盛迟鸣,你是不是太不把我放在眼里了 (3 / 6)
虽然他没具体和纪祁说过要人帮忙拿着外套,但这点儿默契应该是有的。
纪承显然是过分解读了盛迟鸣的话,挑眉后未作犹豫,脱下外套就披在了他的肩上,意味深长的笑容映入正巧茫然抬头的盛迟鸣眼里。
盛迟鸣觉得自己越发猜不透纪承的所作所为,好像纪承表现出来的模样,从来都只是他乐意展现在自己眼前的一面。
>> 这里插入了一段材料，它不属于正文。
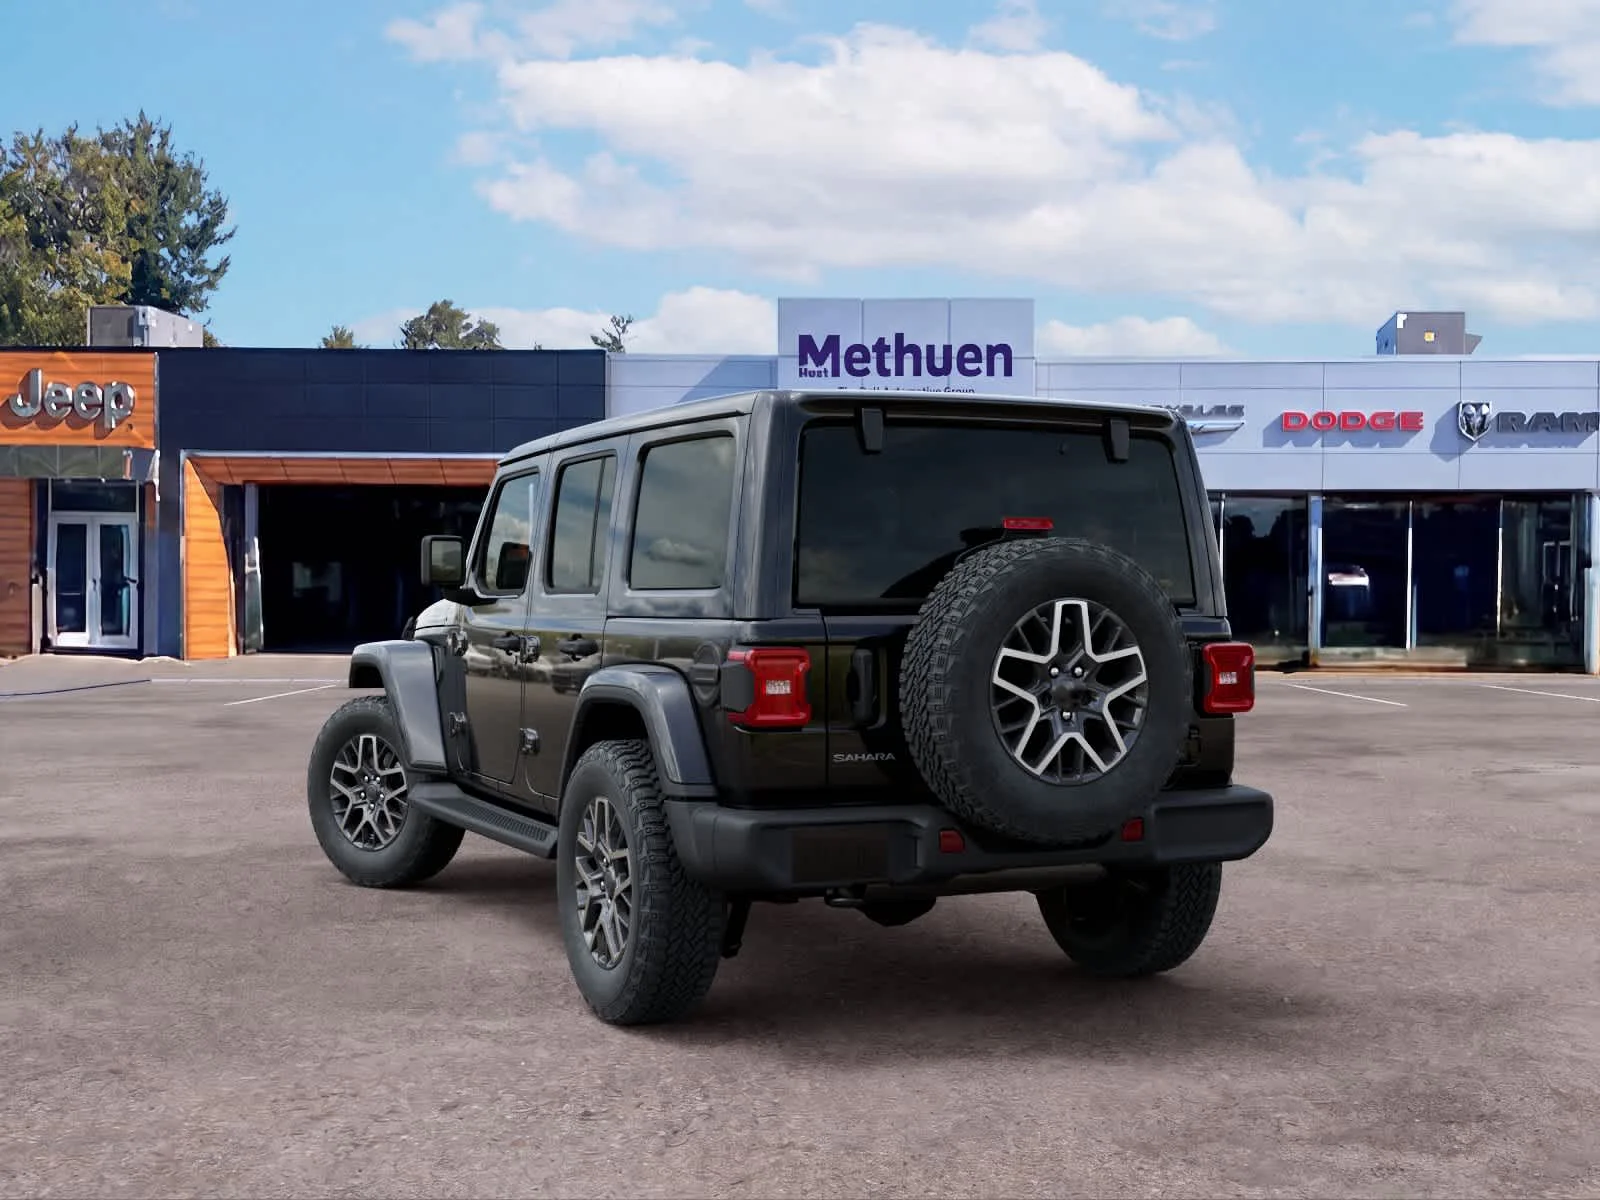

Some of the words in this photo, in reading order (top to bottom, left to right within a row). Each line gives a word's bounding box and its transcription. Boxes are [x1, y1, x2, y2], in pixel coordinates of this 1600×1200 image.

[798, 332, 1013, 378] Methuen
[10, 368, 135, 429] Jeep
[1282, 411, 1424, 432] DODGE
[1497, 411, 1600, 433] RAM
[832, 752, 896, 763] SAHARA
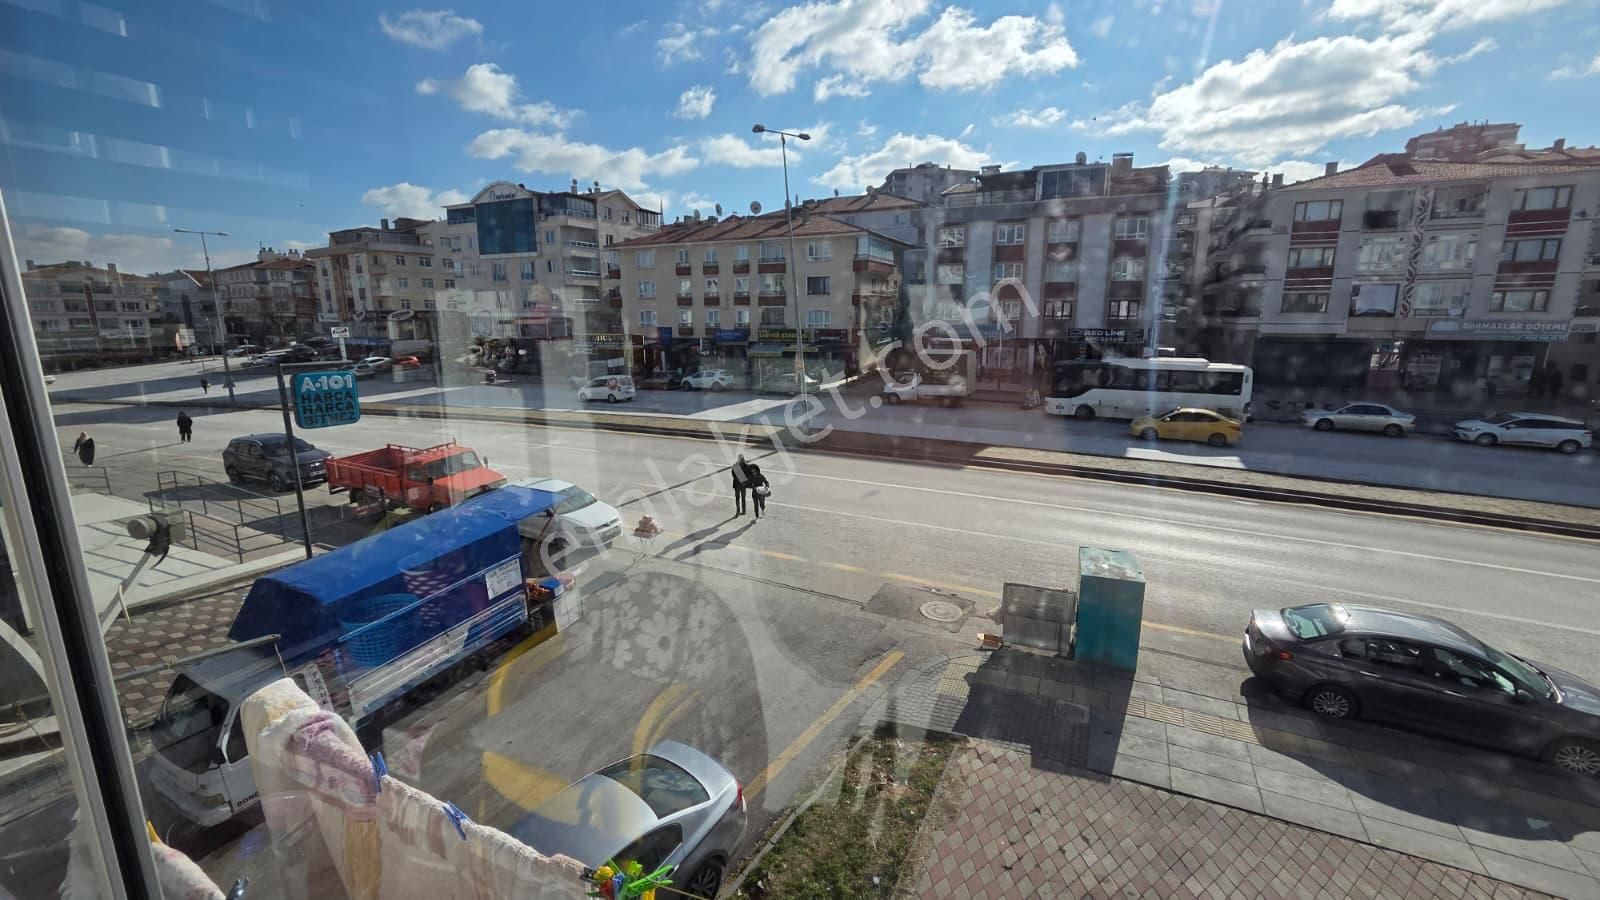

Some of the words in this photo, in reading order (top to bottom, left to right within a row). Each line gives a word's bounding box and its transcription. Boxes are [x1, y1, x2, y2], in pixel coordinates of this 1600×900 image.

[1462, 322, 1523, 330] DURMAZLAR
[301, 391, 353, 404] HARCA
[303, 401, 355, 415] HARCA
窗外霓虹灯飞速闪过,市中心的繁华景色永远都是那样耀眼,像是从不会落幕,衬得车内的人落寞更甚,封闭环境令盛迟鸣憋得喘不上气,他看出了这不是去往纪宅的路,而是纪承在市中心购入的公寓。
他侧头靠在窗边,不知是否应将缘由归结于年龄差距。
思绪逐渐迟缓,胆量随之生长,盛迟鸣呆滞地垂首盯着腕表指针规律转动,一句没头没尾的话更像是在说给自己听:"是不是一直当我是小孩。"
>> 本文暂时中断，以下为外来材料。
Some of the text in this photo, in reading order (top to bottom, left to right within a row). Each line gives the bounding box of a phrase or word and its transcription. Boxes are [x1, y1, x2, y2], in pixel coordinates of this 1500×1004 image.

纪承坐在后排的另一边,环境昏暗,仅隔着道置物台的距离也看不太清盛迟鸣脸上的表情,更无法从他语气平平的话里听出什么旁的情绪,斟酌后故作轻松地搭话:"在我心里,你本来就是个小孩。"
"可不可以把我当作成熟的同龄人?"
灯光照不到的阴暗里,盛迟鸣苦涩地牵动嘴角,耳语般的请求在此时也能听得一清二楚。
他的十八岁成人礼,纪承送来的礼物正是手腕上的这枚百达翡丽。盛迟鸣对奢侈品没有刻意的追求,此类对他来说唾手可得的物件并不值记挂,能让他青睐几分的,通常都被特殊的人寄予了不一般的意义。
他记得当时盛迟瑞还调侃了几句,说自己原是打算送腕表的,谁知被纪承抢了先。
这句话许是用尽了盛迟鸣所有的颜面与勇气,片刻后没收到答复,便闭上眼睛不做任何抵抗了。
纪承少见地沉默了,他对今晚自己不在的那些时间里发生的事情有了大概的猜测,可真要他仔细追究起来,又有些怯于直面的退缩心理。
在纪祁或是盛迟鸣面前,他会尽力做好哥哥的本分。
多年游刃于尔虞我诈场合的纪承,从创业的最初就开始学会有所保留,他已不似从前那样愿朝人剖开心扉,也惯于独立思考与解决问题。可有时候面具戴上脸的时间长了,总会容易忘记人最原始的样貌,甚至那些商场上的恶习,也会在无意识中被他带至日常生活中。